The piece he has made for Oriel Blodau Bach makes reference to minister and musician Ieuan Gwyllt who set up the periodic music journal ‘Blodau Cerdd (Flowers of Music)’ in 1852 with three friends which gave instruction on hymns and hymn tunes.


 

Oriel Blodau Bach’s Second exhibition has been created for the space by Cardigan based visual and sound artist Jacob Whittaker. Whittaker has been working with sound as part of his practice since graduating from West Wales School of the Arts in 2003. A large part of his practice is centered around his vast collection of vinyl records, within which he has a particular interest in rare and unusual Welsh recordings such as those made by local groups or choirs.

Whittaker’s piece for Oriel Blodau Bach draws on this interest, presenting a collection of record covers relating to the work of the 19th century Calvinistic Methodist Minister and musician John Roberts or Ieuan Gwyllt (John the Wild). John Roberts was involved with teaching hymns and leading choirs and played an important role in Welsh cultural history.

Whittaker has also spent many years working with chapels in the west Wales area. As part of sound collective, Gwrando with artist and singer Lou Laurens he created sonic works within chapels. Part of that project involved exploring the decline of Chapels and the fight to keep hold of local traditions and communal spaces in the face of a modern world and an apathetic congregation.

The Cymanfa Ganu is also a traditional cultural practice in Wales that is under threat, while village schools and chapels close, our communities become ever more sparse and disparate. With no facilities in their villages people are forced to travel to towns or bigger villages to attend schools, shops, festivals and even pubs leaving these sparse traditions some of the very few things left to bring communities together.

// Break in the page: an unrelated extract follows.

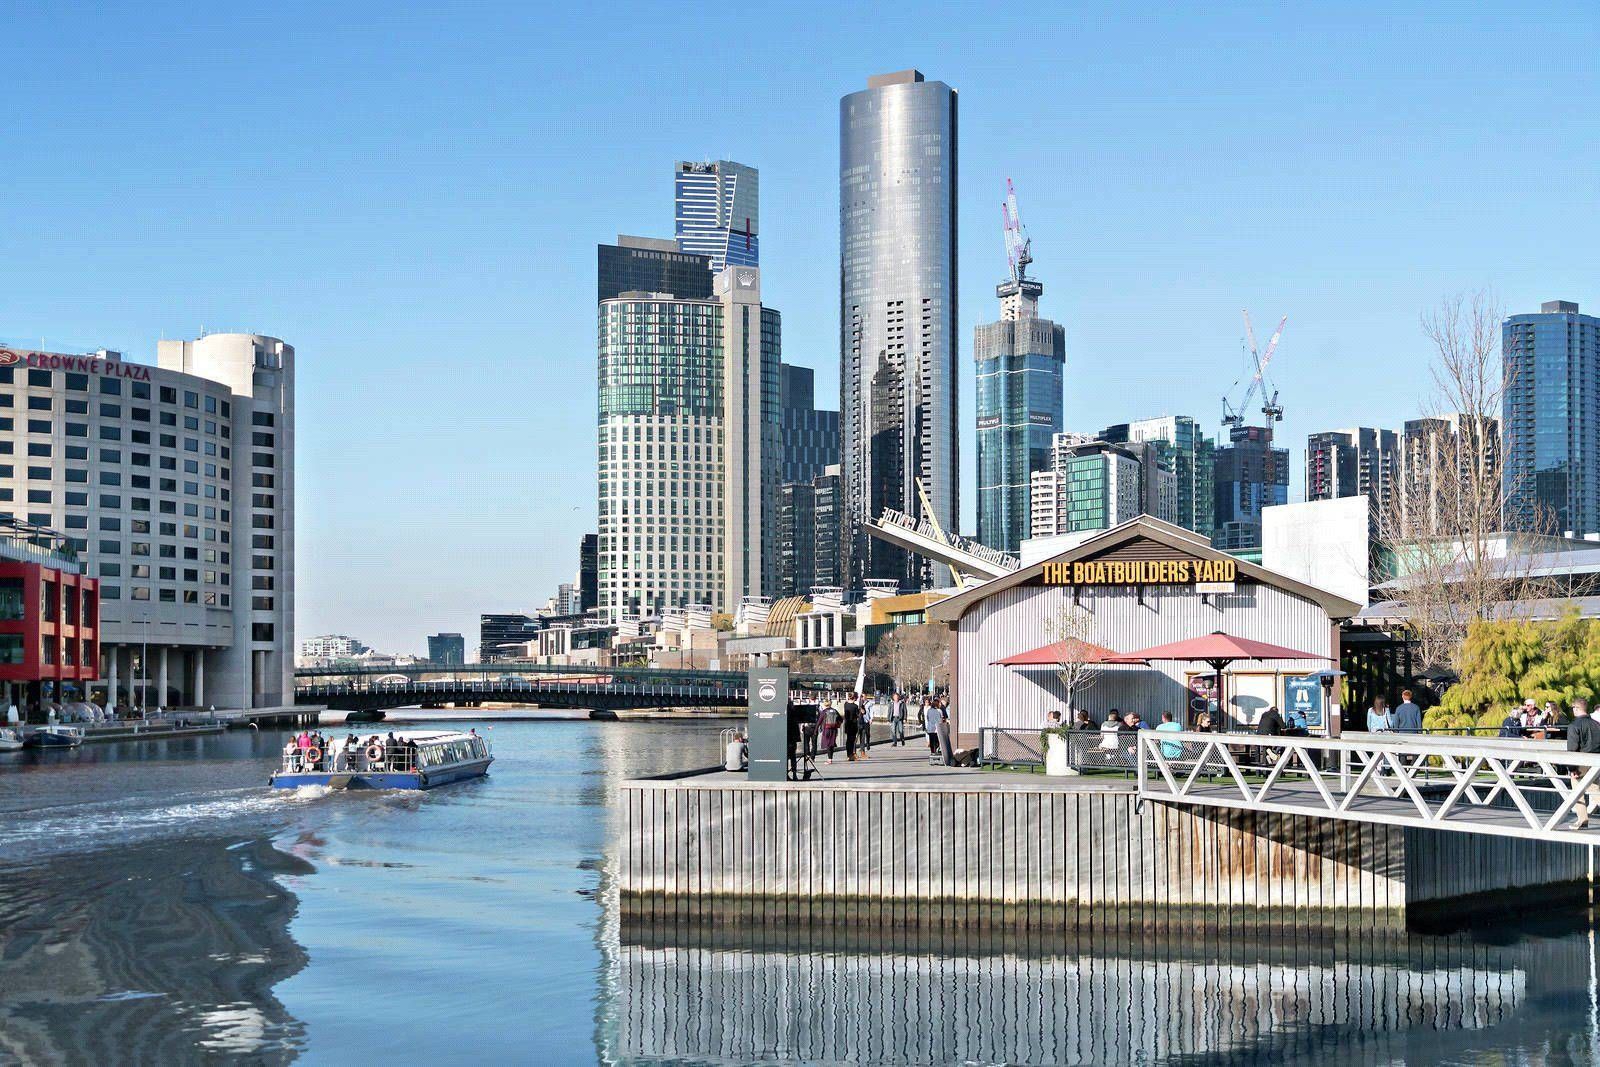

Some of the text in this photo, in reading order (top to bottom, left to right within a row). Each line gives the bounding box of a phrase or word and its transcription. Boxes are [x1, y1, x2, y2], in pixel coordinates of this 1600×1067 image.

[26, 352, 151, 381] CROWNE PLAZA
[1042, 560, 1236, 584] THE BOATBUILDERS YARD
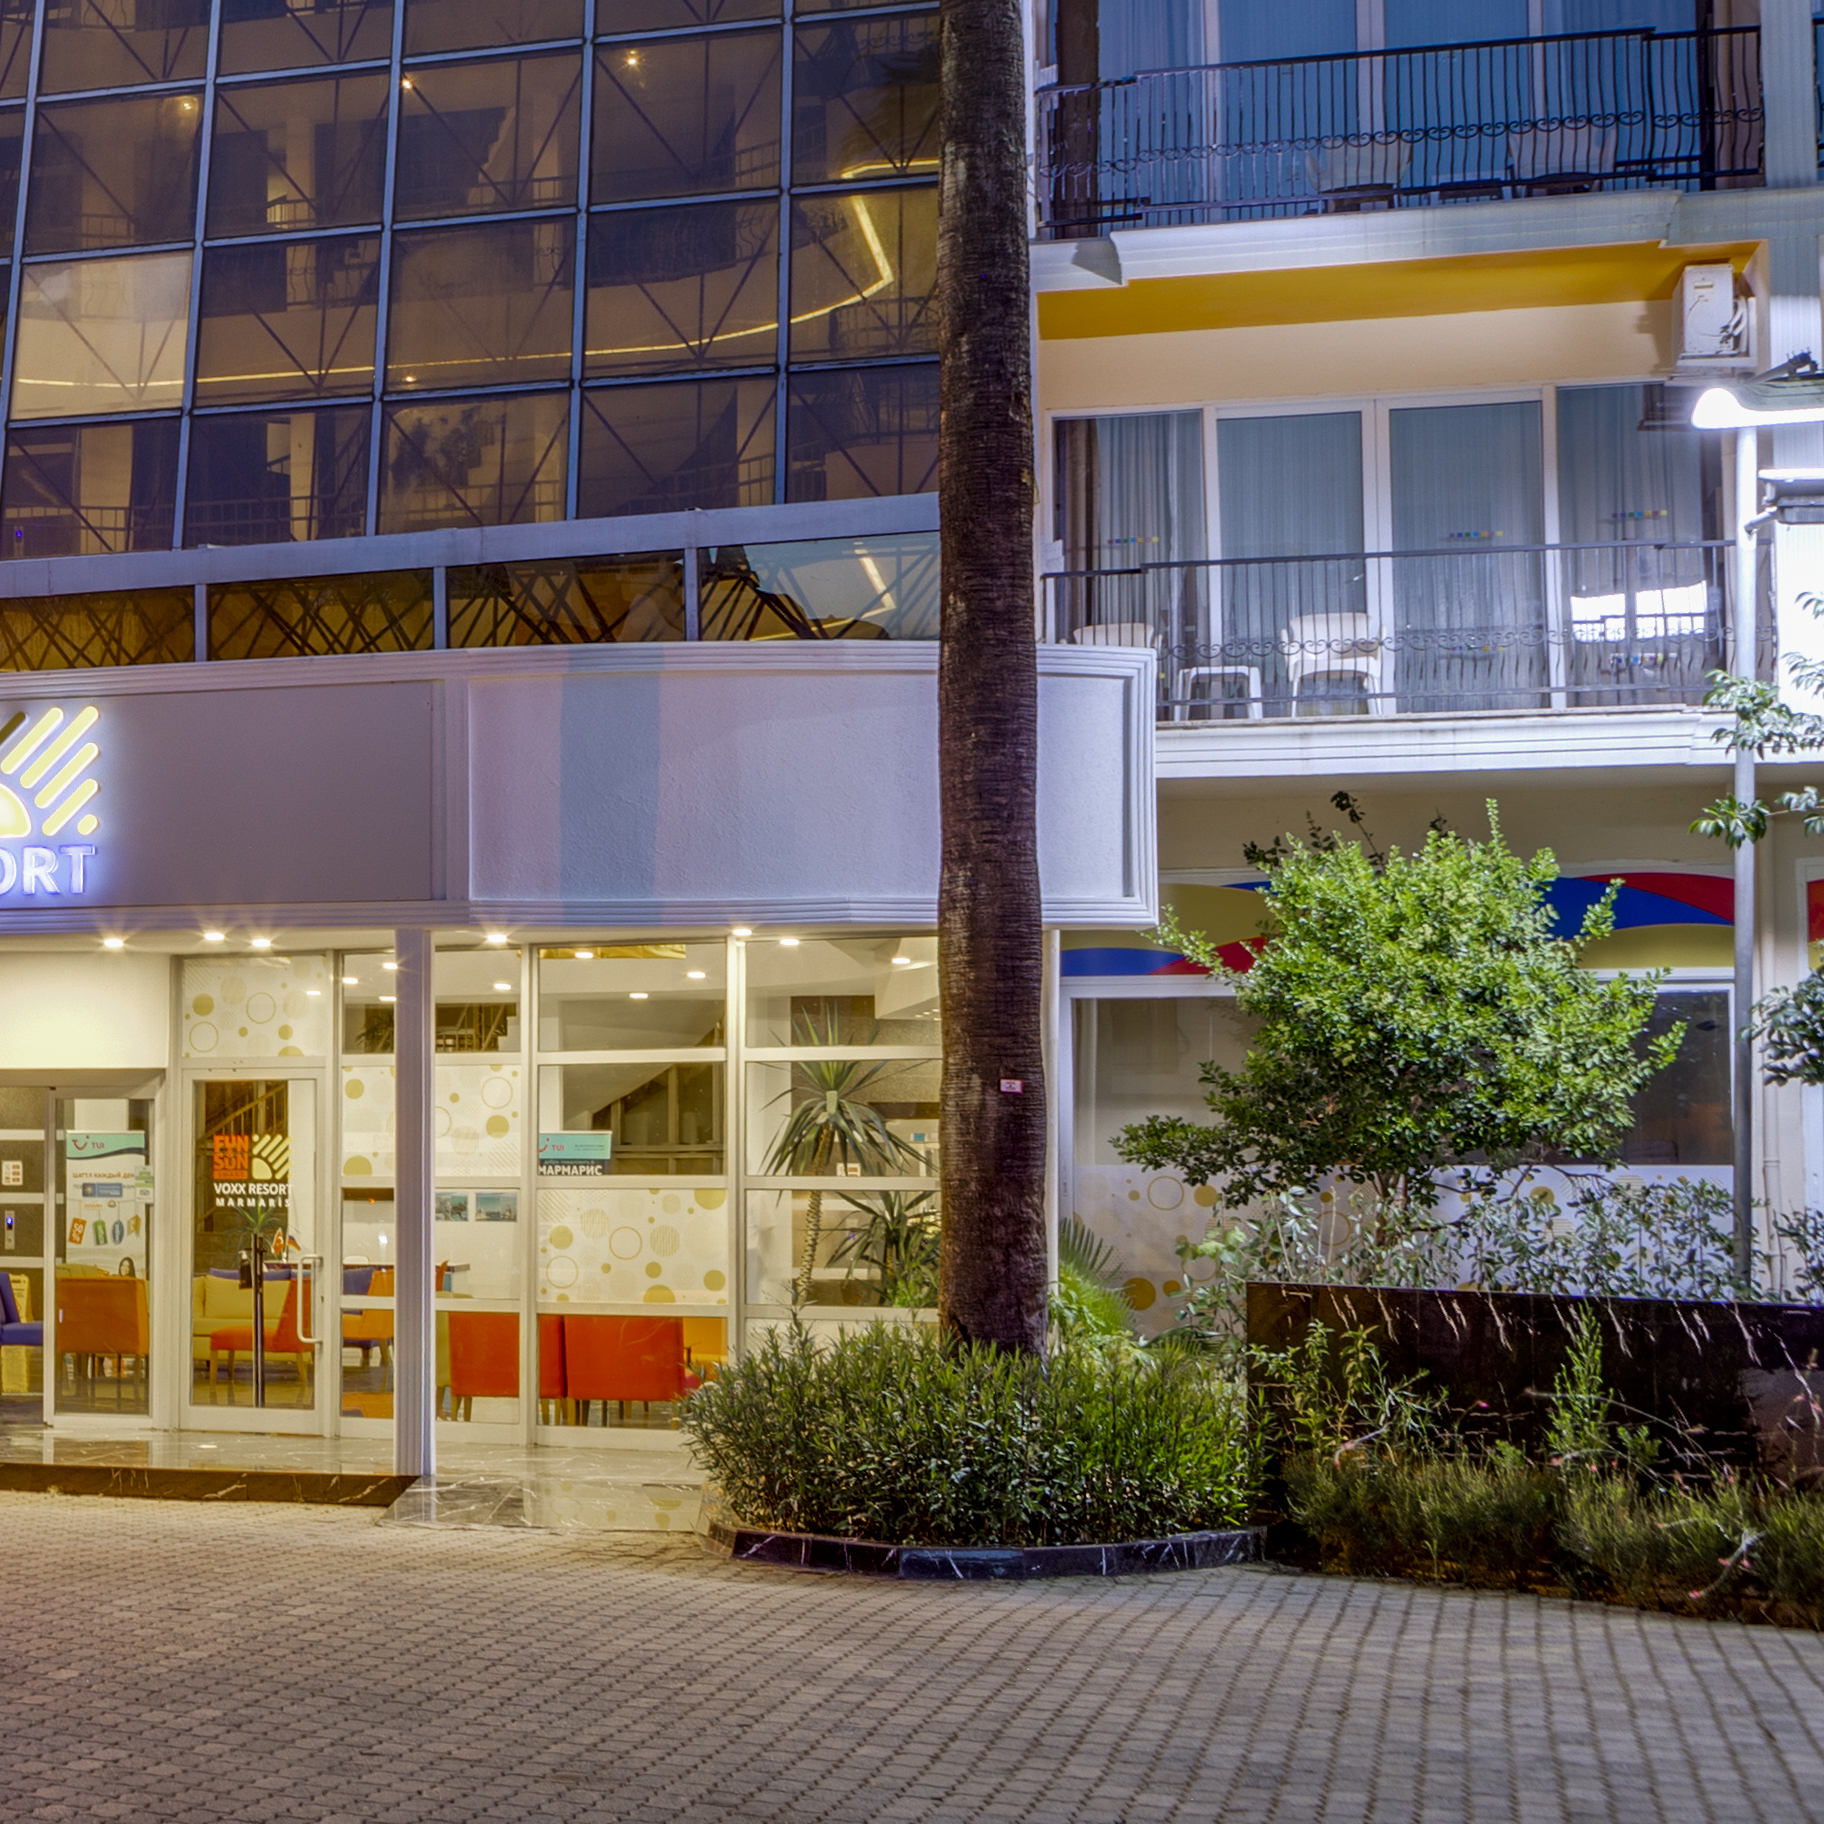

Whittaker’s piece uses record covers from a recording of a 1969 Cymanfa Ganu to explore some of these ideas. The two thick rows of Welsh dragons adorning the gallery are almost a little shocking when they first hove in to view. The striking, repeated image evokes thoughts of nationalism and identity but really it is a piece about localism and community.

The viewer is asked to question where these ideas meet and who arbitrarily designates the lines between them. The small, local communities where we spend most of our time and which are our homes are being steadily eroded by the need to make things bigger, more connected and more universal. We are becoming a global community but is it at the cost of the physical places where people live out their lives?

The interplay of nationalism, localism and globalism are caught up for each of us with our sense of identity and that makes it a difficult subject to broach. These ideas come from the place where the impersonal and the personal touch and it is a difficult line to walk. I think Whittaker’s piece is thought provoking but not dogmatic; placing it here in the heart of a small Welsh village, the kind of place you might have driven through a hundred times but never stopped or noticed, is a way of making strong connections in unusual cultural spaces. It asks the viewer to stop and consider what is happening to the hearts of our villages, our communities and our culture and which loses are worthwhile sacrifices for a more connected, more global world and which of them are too high a toll.